Miss Melanie Johnson: The Home Office has policy responsibility for primary legislation on money laundering offences, while HM Treasury is responsible for regulating the financial services industry, including policy responsibility for secondary legislation such as the 1993 Money Laundering Regulations (which are shortly to be amended).
The Proceeds of Crime Bill, which is currently before Parliament, will consolidate and strengthen existing anti-money-laundering legislation. It will also provide new power for the investigation of money laundering. It is currently an offence for any person to fail to report knowledge or suspicion of drug or terrorist money laundering which comes to their attention in the course of their trade, business or profession. The Bill replaces that offence with an offence for a person working in a sector covered by the Money Laundering Regulations to fail to make a report to the authorities if he knows, suspects or has reasonable grounds to know or suspect that another person is laundering the proceeds of any criminal activity.

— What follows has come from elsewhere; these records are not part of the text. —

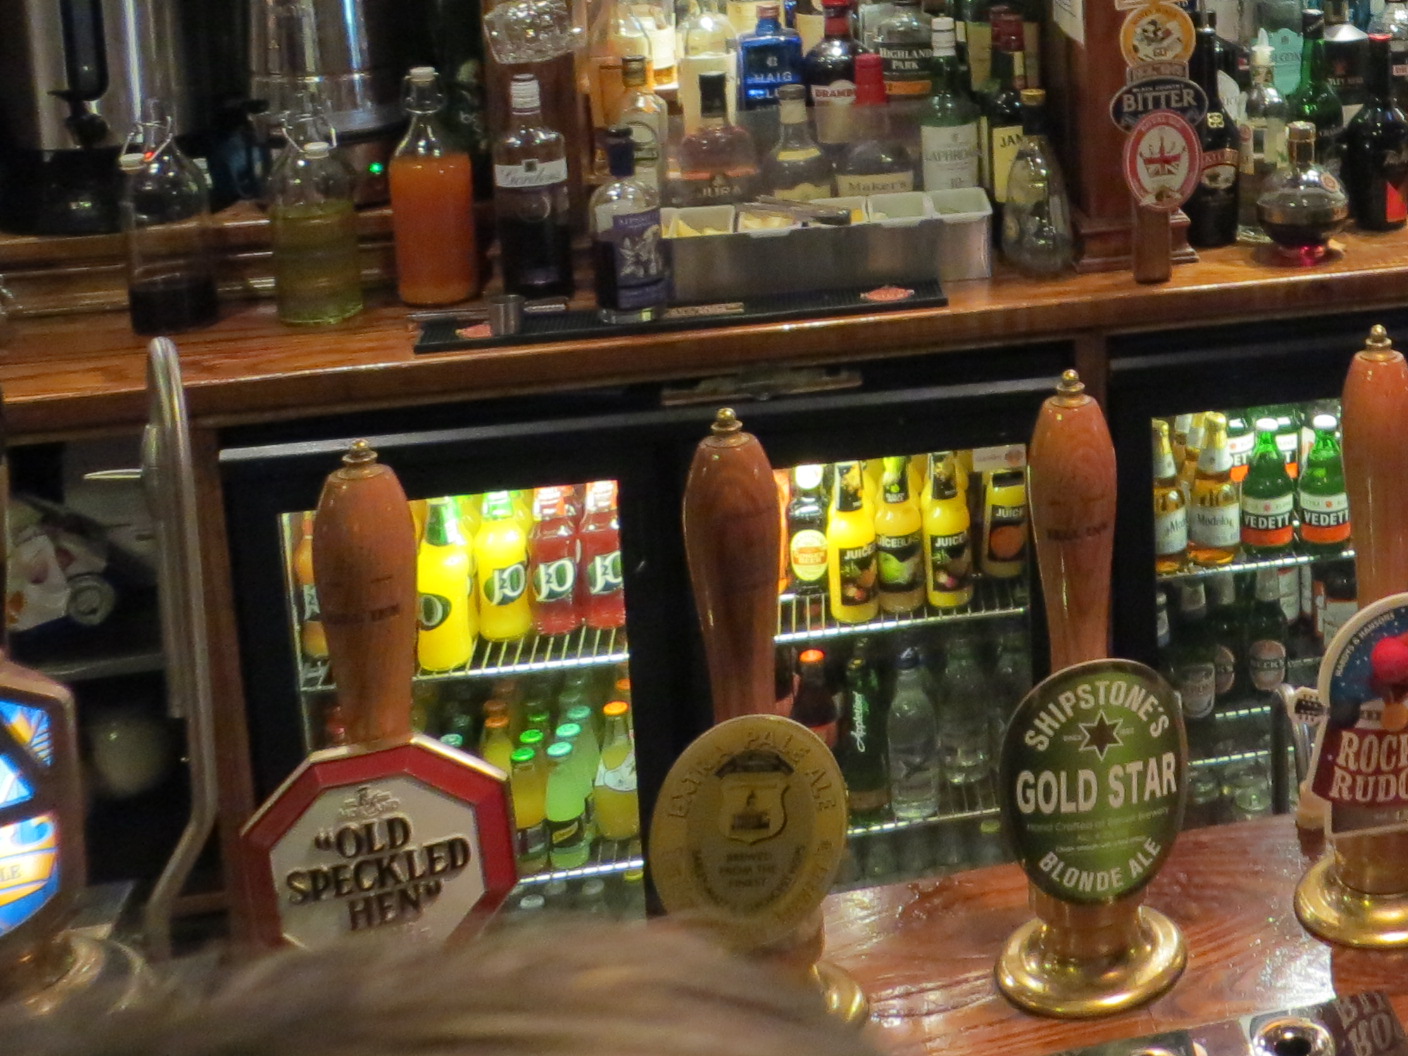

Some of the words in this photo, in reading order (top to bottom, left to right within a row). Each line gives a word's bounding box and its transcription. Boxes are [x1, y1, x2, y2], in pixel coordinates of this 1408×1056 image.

[878, 46, 934, 59] HIGHLAND
[891, 59, 920, 71] PARK
[753, 70, 794, 83] HAIG
[1122, 88, 1198, 113] BITTER
[1243, 512, 1291, 529] VEDETT
[1303, 508, 1350, 526] VEDETT
[1024, 680, 1170, 752] SHIPSTONE'S
[803, 767, 837, 812] ALE
[1015, 768, 1098, 814] GOLD
[1107, 751, 1177, 809] STAR
[285, 836, 472, 905] SPECKLED
[1038, 849, 1126, 893] BLONDE
[1127, 837, 1163, 879] ALE
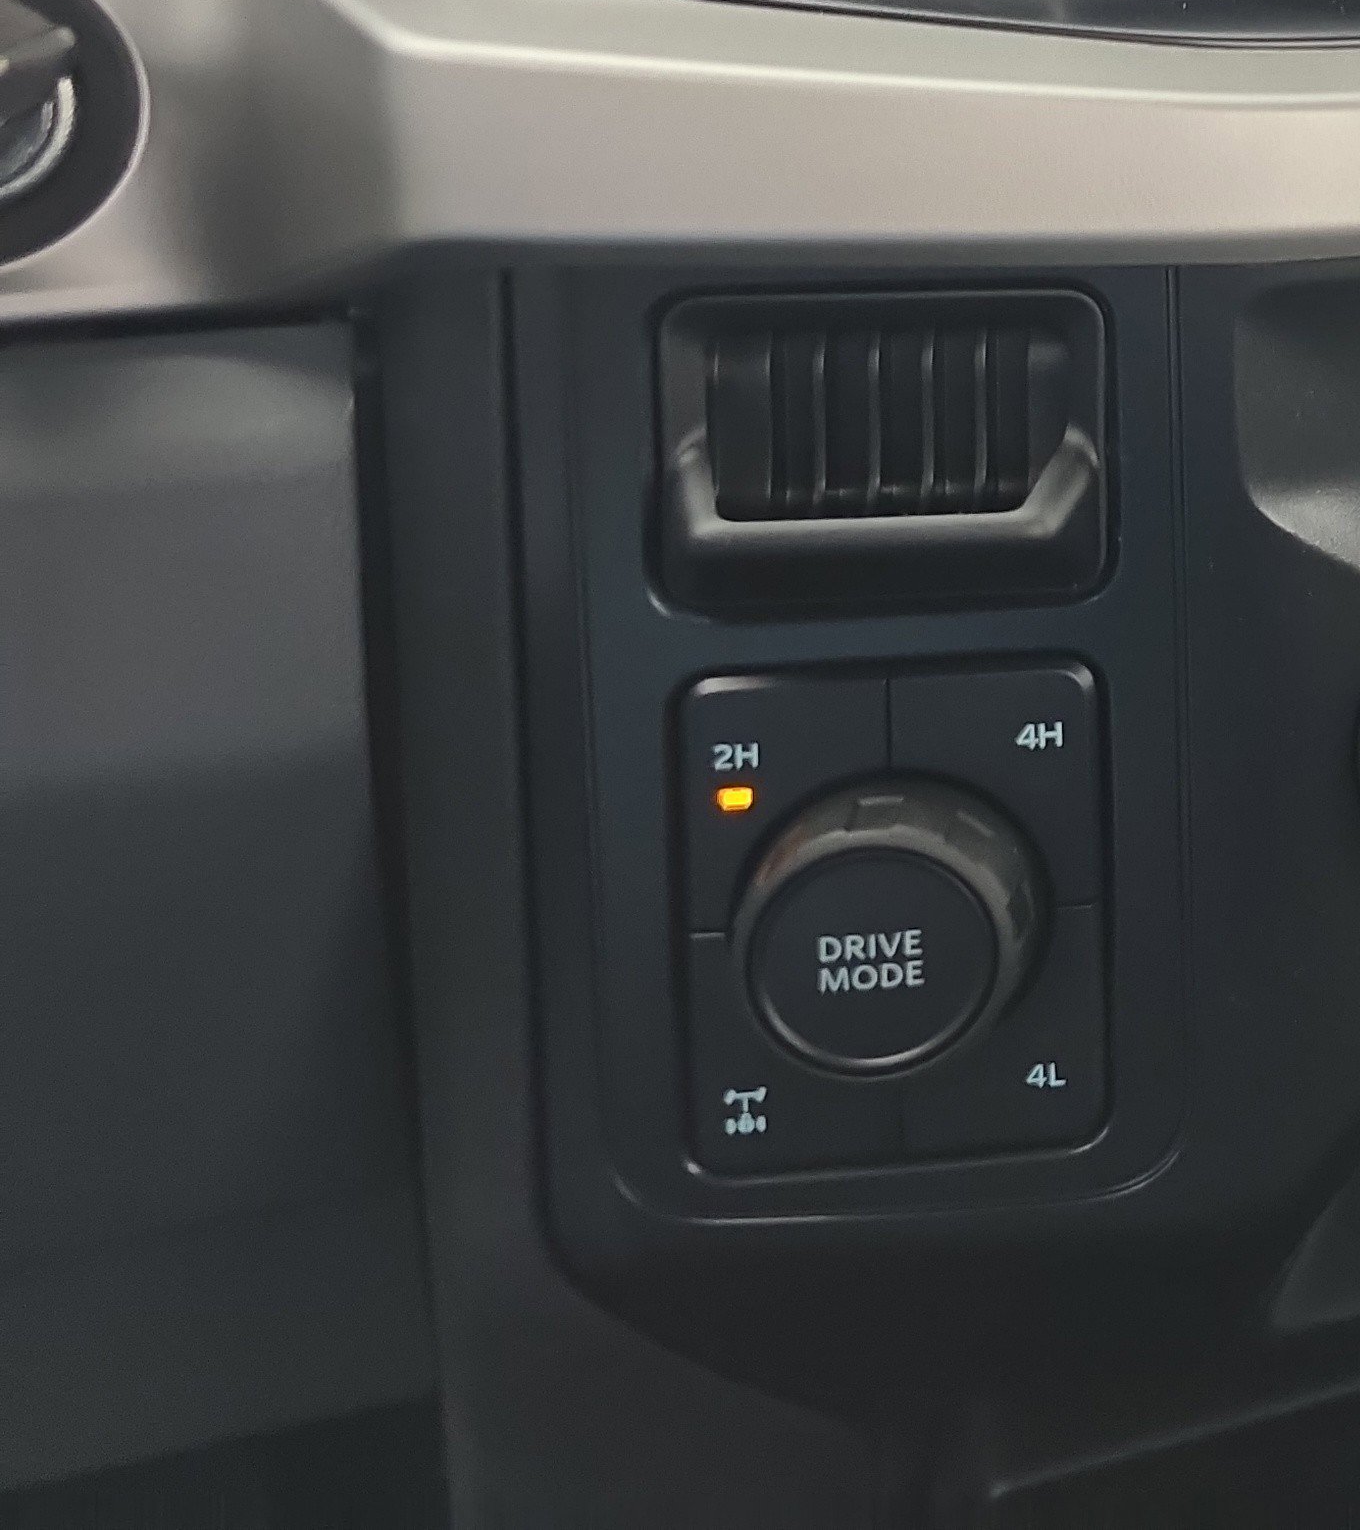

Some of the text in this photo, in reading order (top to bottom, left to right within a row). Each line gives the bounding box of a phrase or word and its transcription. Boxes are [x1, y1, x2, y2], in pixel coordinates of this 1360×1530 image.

[1014, 720, 1064, 750] 4H
[712, 741, 760, 771] 2H
[817, 928, 923, 964] DRIVE
[816, 958, 925, 995] MODE
[1025, 1062, 1067, 1088] 4L
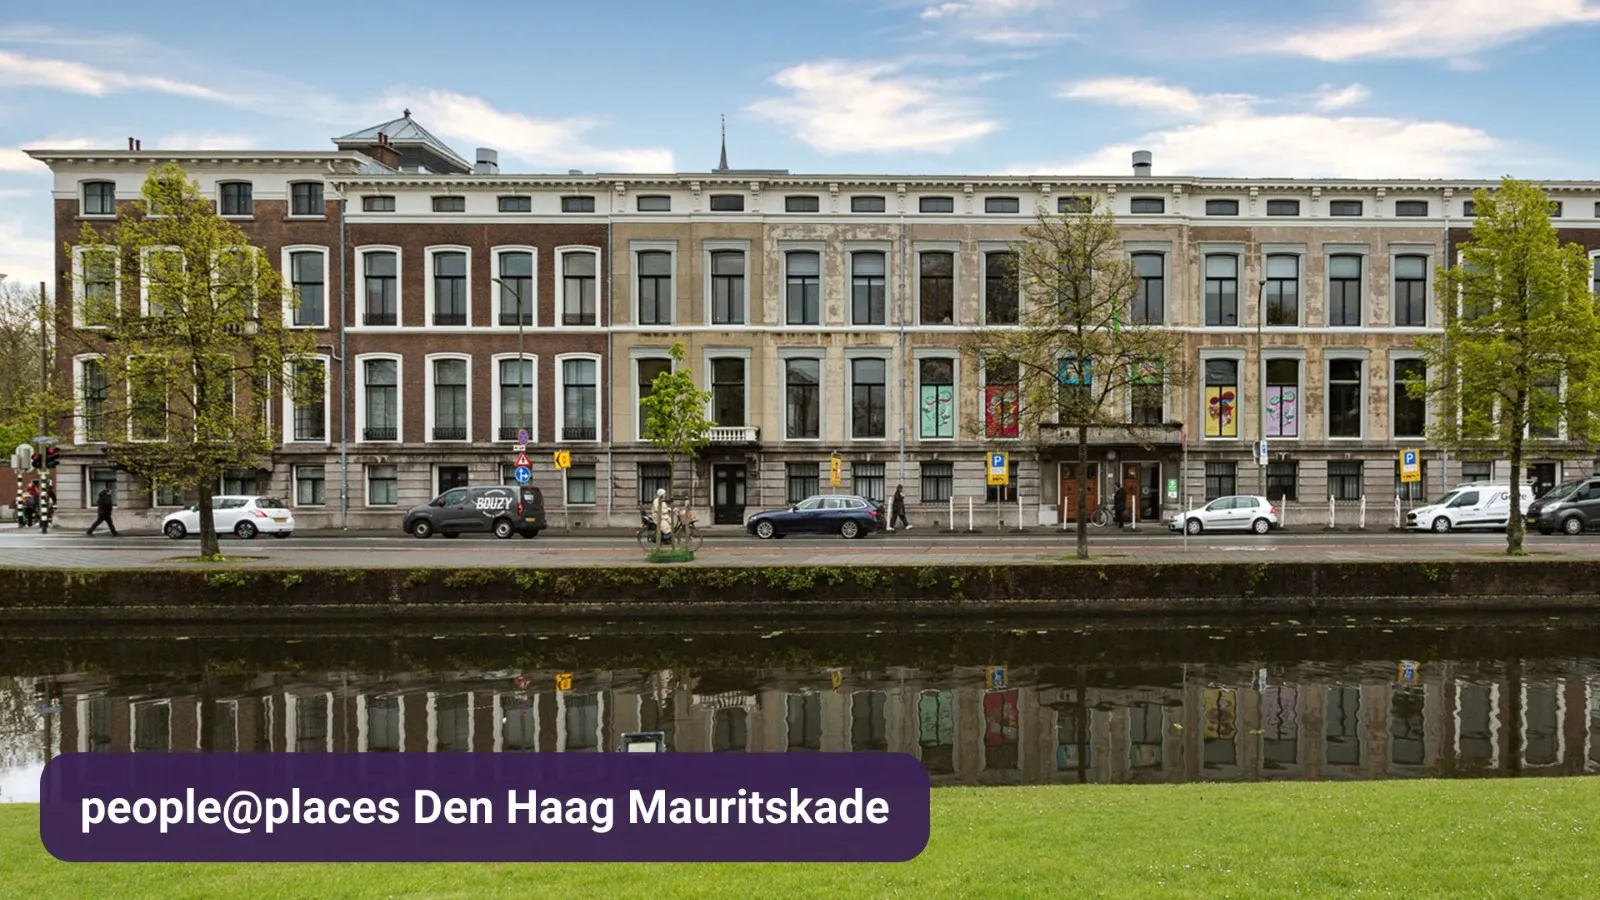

At present, not all accountants are regulated under the 1993 Money Laundering Regulations (although all are subject to the general obligation to report knowledge or suspicions of drugs or terrorist money laundering arising in the course of one's trade, business or profession). However, under the second European money laundering directive, which is expected to be formally adopted after Christmas, accountants will be brought within the regulated sector. When this directive is implemented in UK law, accounts will be subject to both the provisions of the Proceeds of Crime Bill, and the requirements of the Money Laundering Regulations as regards identification of customers, record keeping and reporting of suspect financial transactions.
My right hon. Friend the Secretary of State for Trade and Industry is responsible for the statutory oversight of the arrangements for the regulation of company auditors and, in that respect, of the adequacy of the procedures of recognised accountancy bodies for investigating and disciplining auditors. This Department also has a wider interest in the regulatory arrangements of the main accountancy bodies for investigating and disciplining their members, including those who may have engaged in or facilitated money laundering, or who may have failed in their duties to report suspicious transactions to the appropriate authorities. Members of these bodies are subject to byelaws and regulations which make them liable to disciplinary action and penalties. Under reforms previously agreed between the bodies and the Government, a new Investigation and Discipline Board, under the aegis of the Accountancy Foundation, will take over responsibility for disciplinary cases which raise significant public interest issues.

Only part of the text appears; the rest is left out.